Оберег от порочной любви - Соболева Лариса Павловна
– Рассказывал.
– С ней мы договорились, сколько бы Юрка ни предложил, я даю вдвое больше. А люди, мало того что устроили себе развлечение, еще деньги получили. За каждым из вас постоянно следили...
Она подалась корпусом к нему, коварно усмехнулась:
– Не боишься, что тебя сдадут?
– Нет, – точно так же подался корпусом он к ней и улыбнулся. – Люди, которых я нанял, из определенной среды, они не сдадут, там ваши правила не работают, там они более жесткие. В общем, мне нужны были деньги и... Женька.

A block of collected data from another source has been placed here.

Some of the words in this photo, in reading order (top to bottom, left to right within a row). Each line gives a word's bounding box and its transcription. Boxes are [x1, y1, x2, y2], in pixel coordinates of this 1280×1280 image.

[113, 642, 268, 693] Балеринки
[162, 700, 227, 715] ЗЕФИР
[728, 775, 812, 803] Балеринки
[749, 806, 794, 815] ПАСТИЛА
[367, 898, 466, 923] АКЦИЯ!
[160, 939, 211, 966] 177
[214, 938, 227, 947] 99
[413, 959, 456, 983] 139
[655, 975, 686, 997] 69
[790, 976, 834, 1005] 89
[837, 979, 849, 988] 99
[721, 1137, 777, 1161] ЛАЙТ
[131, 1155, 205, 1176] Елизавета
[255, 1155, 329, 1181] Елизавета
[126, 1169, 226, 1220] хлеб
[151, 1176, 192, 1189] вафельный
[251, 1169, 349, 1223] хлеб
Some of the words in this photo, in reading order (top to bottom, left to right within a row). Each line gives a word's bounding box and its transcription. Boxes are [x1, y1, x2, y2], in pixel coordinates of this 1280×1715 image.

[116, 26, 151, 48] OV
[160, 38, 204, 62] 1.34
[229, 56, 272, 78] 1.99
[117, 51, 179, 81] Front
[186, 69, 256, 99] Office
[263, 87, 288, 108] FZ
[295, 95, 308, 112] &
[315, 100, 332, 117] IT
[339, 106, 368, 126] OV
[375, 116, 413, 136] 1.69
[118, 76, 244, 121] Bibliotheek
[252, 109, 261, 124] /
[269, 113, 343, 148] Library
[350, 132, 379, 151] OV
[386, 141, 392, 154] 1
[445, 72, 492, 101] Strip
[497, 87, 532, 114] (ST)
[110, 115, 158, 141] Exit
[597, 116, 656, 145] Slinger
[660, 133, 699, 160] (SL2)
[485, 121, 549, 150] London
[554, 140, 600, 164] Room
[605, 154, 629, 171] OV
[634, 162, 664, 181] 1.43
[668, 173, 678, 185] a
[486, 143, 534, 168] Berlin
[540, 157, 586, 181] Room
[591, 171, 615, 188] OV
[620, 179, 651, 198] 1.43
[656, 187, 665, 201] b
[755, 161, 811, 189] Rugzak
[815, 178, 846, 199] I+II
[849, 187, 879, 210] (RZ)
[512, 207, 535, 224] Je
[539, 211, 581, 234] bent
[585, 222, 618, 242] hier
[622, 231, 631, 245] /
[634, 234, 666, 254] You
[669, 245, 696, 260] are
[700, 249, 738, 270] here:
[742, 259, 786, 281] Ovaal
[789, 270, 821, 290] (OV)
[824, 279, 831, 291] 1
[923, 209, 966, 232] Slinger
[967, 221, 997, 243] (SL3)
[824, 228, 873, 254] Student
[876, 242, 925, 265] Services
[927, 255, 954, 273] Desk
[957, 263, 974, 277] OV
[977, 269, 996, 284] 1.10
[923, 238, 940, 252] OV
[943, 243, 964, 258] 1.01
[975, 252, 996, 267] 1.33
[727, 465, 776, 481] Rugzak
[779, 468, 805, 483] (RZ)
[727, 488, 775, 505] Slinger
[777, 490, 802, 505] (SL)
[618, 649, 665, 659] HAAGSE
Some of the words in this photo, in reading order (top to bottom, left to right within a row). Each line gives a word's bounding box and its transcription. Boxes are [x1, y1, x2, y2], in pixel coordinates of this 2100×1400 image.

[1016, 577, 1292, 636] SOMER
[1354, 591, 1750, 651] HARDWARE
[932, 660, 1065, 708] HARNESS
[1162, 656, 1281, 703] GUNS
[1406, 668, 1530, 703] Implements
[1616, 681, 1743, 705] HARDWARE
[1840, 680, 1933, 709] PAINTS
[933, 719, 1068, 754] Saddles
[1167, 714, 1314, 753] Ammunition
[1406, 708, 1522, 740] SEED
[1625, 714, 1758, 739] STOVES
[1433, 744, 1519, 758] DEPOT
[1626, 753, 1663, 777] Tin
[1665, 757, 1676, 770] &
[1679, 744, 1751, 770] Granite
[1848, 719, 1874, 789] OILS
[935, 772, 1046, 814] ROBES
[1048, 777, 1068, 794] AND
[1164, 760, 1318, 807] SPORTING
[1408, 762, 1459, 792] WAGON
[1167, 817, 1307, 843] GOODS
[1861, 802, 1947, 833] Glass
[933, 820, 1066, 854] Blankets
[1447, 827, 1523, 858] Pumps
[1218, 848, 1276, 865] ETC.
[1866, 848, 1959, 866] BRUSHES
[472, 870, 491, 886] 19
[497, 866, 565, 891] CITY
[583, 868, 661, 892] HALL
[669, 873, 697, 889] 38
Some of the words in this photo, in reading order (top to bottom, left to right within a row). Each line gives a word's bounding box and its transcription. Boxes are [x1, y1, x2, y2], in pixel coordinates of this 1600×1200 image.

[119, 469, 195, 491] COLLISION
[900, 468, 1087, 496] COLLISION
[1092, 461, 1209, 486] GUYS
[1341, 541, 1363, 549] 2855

– То есть? – подняла она брови.
– Мы с Эллой годами искали точную копию Женьки, точную! Ну, волосы можно приобрести, я заранее заказал за границей несколько одинаковых париков из натуральных волос, ведь по плану наши Женьки однажды должны появиться разом. Им сшили одинаковую одежду, которая была в тот день на Жене, на заказ сшили обувь. Сначала девочки разыграли Лешку, потом Брасова. Нашу Женю мы нашли среди юных проституток, выкупили, теперь понимаешь, о каком контингенте я говорил?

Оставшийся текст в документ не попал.